So the other day, to my very pleasant surprise, I got fan mail about a story I hadn't put much thought to since it came out. I don't mean to say that I didn't care about the story; I'd simply moved on. I'd written The End and hoped others would enjoy it while I tried to figure out what was next.
I suppose this is an example of my brain at work.
The story was short, maybe 5k and I'm sure afterward I was beating at myself to stretch my word count. That's my problem, you see. I couldn't, and too often still can't, see myself as a real writer without a novel under my belt. I hang out with the real deal, chat in groups, promo, and probably have my own set of fans (I met a few of them when I did my interview on Wave's blog)...but it's like it doesn't penetrate.

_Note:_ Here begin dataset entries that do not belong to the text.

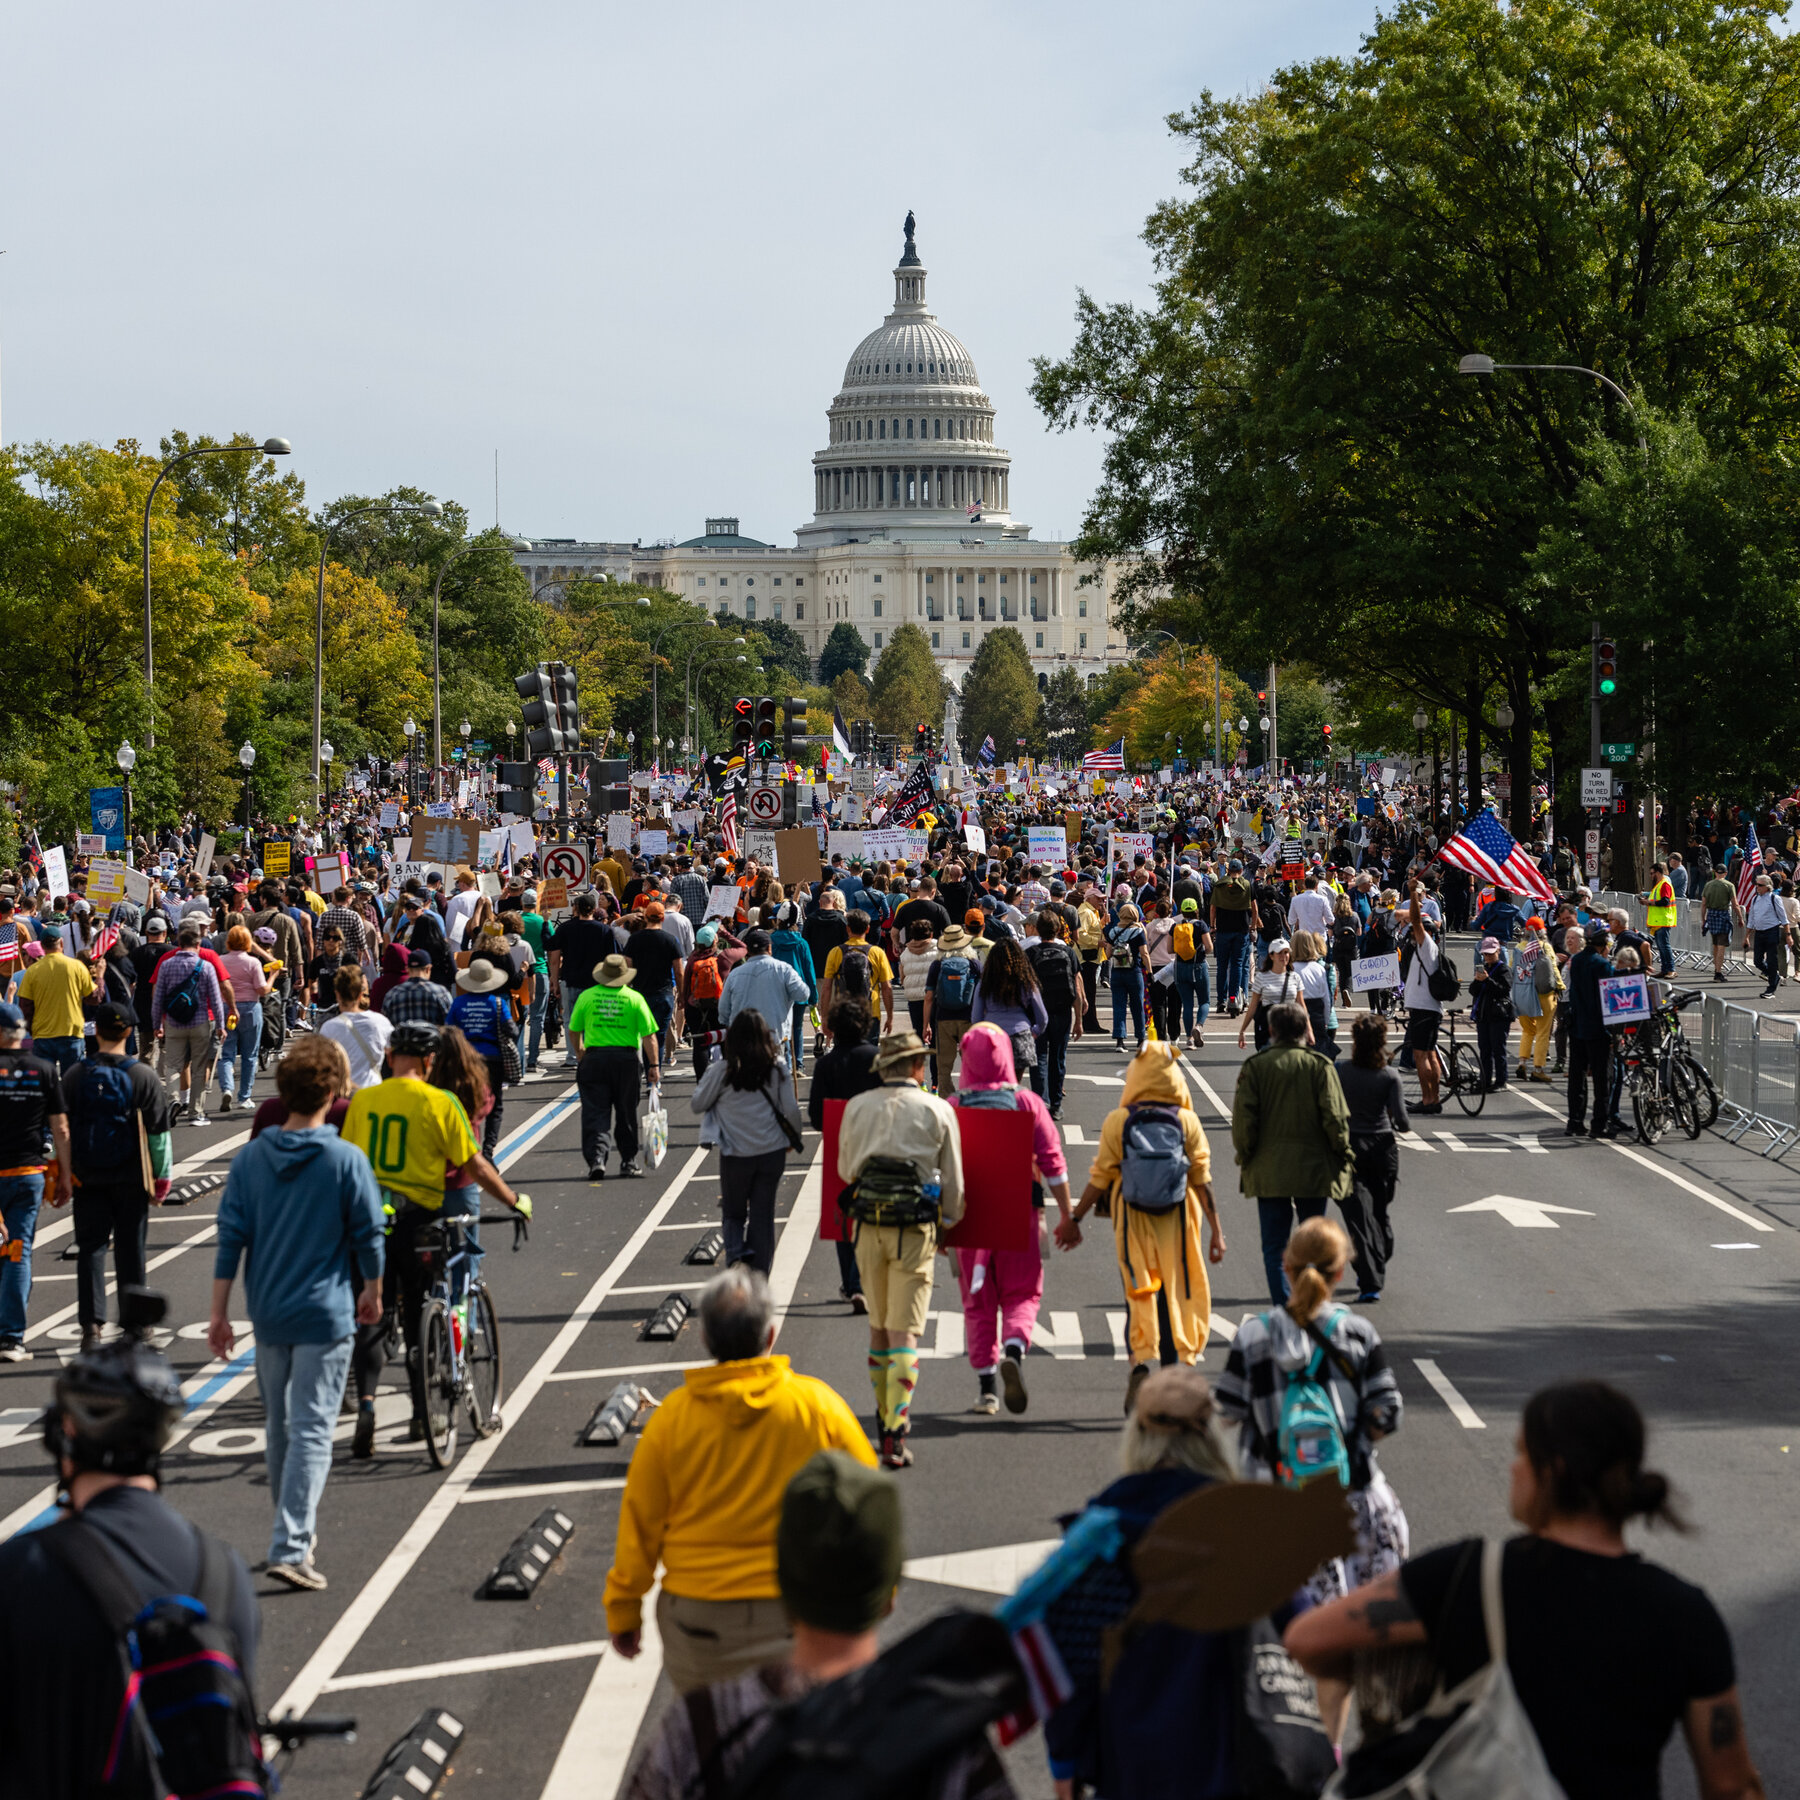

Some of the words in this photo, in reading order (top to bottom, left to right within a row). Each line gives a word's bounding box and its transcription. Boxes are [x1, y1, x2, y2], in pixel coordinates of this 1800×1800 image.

[1608, 745, 1616, 755] 6
[1588, 780, 1605, 788] TURN
[1617, 799, 1626, 813] 33
[753, 835, 775, 843] TURNIN
[395, 863, 422, 875] BAN
[1359, 956, 1389, 970] GOOD
[1352, 971, 1385, 987] TROUBLE
[368, 1110, 408, 1173] 10
[1395, 1130, 1550, 1154] NLY

For each 5k story I write, it's as if I instantly feel like I'm playing at writing. I'm not, ya know. I just can't seem to do it right to my mind. Sorry, this is very stream of conscience but the fan mail got me thinking. I need to stop dismissing my short stories. I'm good at them, hell, I'm great at them. I know I am. But I suppose this feeling of failure comes from the fact that I'm friends with people like James Buchanan, Jay Lygon, Stephanie Vaughan, Amanda Young, and the list just keeps going...

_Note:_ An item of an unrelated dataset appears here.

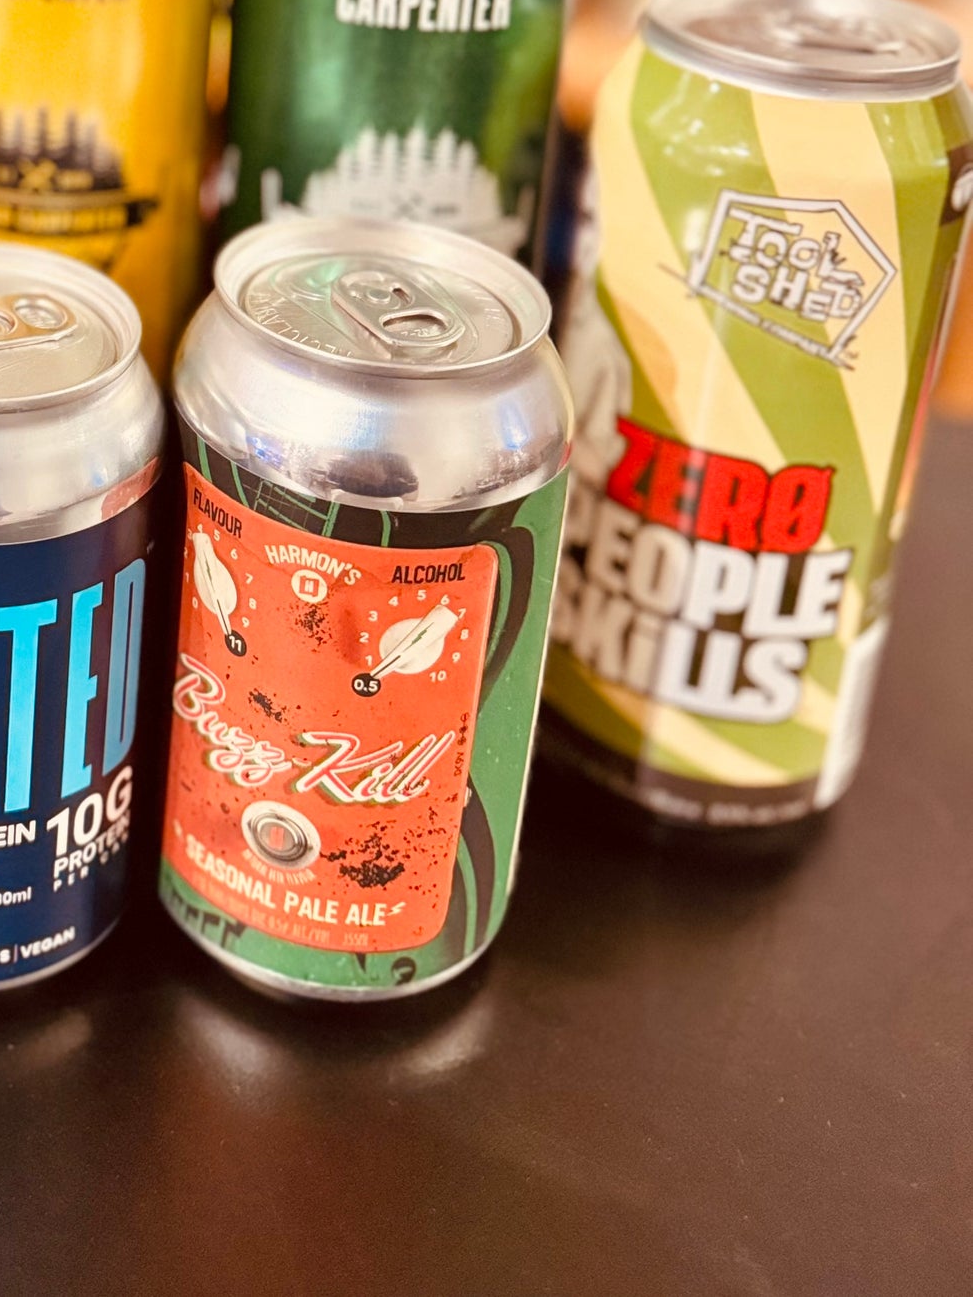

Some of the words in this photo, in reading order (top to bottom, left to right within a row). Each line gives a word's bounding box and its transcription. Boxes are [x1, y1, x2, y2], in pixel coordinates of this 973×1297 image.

I don't think it's surprising that I occasionally feel rather inadequate. Still...that bit of fan mail? It tells me that I'm not bad. That short story that reader found will lead her to my back list and maybe she'll become a fan too. I guess in the end, it's not about novels. It's about writing something that people enjoy, that I enjoyed and if that happens to be only 5,000 words, then so be it.
Don't take this as me giving up on writing novels. One of the reasons I am a writer is because of that lust to be in print. I'm not gonna lie and there's really not an author alive (generalization) who would tell you otherwise. I do really want to write a novel or ten. To become a recognizable name. I guess it's just gonna take a little longer than I thought. This little bit of fan mail though...it'll keep me going.
And I realized that I liked that short she asked me about. Maybe there will be a sequel after all.
So what about you? What keeps you moving forward?